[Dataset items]
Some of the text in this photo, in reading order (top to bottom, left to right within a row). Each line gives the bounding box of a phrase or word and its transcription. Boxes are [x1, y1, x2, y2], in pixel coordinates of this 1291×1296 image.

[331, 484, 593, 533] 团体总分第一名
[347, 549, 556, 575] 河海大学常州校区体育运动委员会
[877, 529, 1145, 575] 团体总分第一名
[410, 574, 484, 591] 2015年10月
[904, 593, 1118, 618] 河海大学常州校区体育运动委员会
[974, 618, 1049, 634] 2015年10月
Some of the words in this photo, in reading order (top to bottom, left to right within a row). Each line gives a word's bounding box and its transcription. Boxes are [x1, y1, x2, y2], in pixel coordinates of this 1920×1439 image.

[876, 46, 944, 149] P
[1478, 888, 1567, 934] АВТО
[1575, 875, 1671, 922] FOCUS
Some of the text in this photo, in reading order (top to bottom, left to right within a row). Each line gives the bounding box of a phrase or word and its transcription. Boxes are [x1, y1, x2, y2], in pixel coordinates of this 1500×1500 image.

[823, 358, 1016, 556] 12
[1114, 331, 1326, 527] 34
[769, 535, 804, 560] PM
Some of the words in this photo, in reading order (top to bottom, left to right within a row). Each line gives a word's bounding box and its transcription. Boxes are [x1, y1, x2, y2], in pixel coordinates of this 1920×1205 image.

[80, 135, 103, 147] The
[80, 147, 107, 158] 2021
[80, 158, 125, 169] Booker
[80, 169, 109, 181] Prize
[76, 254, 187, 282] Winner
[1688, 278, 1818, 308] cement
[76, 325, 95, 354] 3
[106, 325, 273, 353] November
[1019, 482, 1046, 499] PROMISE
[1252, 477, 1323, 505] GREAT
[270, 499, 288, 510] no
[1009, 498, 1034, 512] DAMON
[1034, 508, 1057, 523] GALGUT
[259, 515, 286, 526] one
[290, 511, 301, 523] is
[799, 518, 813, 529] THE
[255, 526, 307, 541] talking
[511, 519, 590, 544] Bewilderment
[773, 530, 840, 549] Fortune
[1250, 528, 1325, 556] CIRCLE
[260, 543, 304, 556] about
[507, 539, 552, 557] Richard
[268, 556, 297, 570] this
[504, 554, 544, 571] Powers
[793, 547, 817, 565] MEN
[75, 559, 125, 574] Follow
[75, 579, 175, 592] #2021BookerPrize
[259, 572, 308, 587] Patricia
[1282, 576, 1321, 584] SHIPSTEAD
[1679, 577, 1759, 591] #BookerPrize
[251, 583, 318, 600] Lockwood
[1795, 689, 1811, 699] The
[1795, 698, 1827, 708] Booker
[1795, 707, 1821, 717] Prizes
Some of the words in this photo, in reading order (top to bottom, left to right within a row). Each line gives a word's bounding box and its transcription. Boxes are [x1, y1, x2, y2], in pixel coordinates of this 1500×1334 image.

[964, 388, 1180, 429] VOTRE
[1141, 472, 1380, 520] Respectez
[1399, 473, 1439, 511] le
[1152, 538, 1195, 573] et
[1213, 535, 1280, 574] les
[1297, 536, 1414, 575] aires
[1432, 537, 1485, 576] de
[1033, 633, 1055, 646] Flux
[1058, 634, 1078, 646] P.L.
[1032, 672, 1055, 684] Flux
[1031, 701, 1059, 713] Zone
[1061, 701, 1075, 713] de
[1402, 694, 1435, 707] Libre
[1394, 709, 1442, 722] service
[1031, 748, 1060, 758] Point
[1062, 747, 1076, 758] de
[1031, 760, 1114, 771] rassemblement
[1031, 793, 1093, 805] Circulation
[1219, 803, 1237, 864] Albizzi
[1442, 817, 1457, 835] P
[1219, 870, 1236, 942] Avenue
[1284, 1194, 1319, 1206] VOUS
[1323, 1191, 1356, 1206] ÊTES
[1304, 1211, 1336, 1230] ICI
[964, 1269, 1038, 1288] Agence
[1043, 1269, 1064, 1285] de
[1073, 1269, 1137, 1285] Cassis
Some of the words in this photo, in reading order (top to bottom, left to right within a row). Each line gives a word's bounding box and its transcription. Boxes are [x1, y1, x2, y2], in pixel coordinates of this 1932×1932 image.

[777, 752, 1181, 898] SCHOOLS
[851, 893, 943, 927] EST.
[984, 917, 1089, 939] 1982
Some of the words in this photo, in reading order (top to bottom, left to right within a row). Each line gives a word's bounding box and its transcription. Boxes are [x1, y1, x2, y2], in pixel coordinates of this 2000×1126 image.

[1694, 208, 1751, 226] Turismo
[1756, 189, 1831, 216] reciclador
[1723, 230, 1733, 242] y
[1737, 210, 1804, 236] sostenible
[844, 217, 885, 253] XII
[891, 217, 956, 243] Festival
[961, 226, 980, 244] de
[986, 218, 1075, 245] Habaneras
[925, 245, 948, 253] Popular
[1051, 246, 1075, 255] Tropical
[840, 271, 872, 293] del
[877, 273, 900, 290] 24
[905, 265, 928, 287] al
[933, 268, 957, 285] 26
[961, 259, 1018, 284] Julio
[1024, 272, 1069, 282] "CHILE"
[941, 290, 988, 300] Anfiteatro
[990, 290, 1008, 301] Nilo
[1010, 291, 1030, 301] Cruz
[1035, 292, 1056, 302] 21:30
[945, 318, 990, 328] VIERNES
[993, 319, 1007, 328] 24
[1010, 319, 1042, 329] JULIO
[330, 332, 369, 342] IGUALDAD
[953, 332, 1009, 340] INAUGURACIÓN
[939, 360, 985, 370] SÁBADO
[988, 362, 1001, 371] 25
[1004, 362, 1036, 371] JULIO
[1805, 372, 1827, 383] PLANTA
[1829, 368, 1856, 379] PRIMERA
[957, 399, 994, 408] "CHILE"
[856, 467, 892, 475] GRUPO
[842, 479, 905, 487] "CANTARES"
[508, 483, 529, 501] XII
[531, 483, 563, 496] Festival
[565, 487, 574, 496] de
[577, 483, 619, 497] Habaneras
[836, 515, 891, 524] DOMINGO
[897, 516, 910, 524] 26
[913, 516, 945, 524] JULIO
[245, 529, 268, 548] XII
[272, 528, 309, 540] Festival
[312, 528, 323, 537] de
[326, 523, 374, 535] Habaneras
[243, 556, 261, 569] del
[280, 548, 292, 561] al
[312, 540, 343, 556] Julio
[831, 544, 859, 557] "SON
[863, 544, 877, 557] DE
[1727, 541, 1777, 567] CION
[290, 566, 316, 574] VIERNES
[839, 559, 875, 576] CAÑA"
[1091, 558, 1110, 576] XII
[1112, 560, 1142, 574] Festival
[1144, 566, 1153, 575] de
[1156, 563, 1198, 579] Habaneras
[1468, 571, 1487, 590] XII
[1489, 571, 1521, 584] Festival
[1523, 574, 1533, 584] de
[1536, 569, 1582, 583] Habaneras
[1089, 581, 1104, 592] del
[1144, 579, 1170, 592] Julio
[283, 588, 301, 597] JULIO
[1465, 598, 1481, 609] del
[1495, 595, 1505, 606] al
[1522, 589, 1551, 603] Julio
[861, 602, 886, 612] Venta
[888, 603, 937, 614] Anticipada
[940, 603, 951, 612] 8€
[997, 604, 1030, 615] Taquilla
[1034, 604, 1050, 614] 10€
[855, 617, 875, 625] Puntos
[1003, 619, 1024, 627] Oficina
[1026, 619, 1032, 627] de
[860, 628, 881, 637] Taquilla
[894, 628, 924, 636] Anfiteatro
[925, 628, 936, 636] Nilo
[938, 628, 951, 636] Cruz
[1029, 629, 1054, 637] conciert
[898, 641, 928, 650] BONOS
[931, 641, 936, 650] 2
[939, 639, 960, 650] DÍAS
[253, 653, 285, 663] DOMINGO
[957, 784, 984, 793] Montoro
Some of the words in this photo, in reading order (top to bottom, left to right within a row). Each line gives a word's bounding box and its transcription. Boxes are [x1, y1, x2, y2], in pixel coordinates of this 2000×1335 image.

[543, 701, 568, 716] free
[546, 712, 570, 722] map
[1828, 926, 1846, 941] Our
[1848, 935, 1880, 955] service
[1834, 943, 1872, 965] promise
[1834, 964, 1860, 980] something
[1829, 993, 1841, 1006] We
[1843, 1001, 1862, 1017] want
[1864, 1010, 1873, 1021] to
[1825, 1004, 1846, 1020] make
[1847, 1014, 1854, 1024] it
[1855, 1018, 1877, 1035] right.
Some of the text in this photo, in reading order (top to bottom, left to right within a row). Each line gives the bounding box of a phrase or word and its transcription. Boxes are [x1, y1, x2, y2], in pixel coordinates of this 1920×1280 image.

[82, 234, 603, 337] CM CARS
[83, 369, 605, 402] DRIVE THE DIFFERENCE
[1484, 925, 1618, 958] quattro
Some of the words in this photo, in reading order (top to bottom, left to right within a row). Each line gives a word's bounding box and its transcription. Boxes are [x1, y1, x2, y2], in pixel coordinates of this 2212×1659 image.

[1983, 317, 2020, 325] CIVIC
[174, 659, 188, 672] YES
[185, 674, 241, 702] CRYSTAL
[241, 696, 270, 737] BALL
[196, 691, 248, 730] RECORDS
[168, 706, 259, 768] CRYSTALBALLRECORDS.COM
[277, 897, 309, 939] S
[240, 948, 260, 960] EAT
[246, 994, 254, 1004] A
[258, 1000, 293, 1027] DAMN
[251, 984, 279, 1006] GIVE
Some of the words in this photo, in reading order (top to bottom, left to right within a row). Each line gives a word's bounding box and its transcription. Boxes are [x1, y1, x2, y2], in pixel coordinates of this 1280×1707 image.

Problem requirements: Retype exactly, and only, the lines that run from the one with "this 2212×1659 image." through the final line of the entries.

Answer space:
Some of the words in this photo, in reading order (top to bottom, left to right within a row). Each line gives a word's bounding box and its transcription. Boxes are [x1, y1, x2, y2], in pixel coordinates of this 2212×1659 image.

[1983, 317, 2020, 325] CIVIC
[174, 659, 188, 672] YES
[185, 674, 241, 702] CRYSTAL
[241, 696, 270, 737] BALL
[196, 691, 248, 730] RECORDS
[168, 706, 259, 768] CRYSTALBALLRECORDS.COM
[277, 897, 309, 939] S
[240, 948, 260, 960] EAT
[246, 994, 254, 1004] A
[258, 1000, 293, 1027] DAMN
[251, 984, 279, 1006] GIVE
Some of the words in this photo, in reading order (top to bottom, left to right within a row). Each line gives a word's bounding box and its transcription. Boxes are [x1, y1, x2, y2], in pixel coordinates of this 1280×1707 image.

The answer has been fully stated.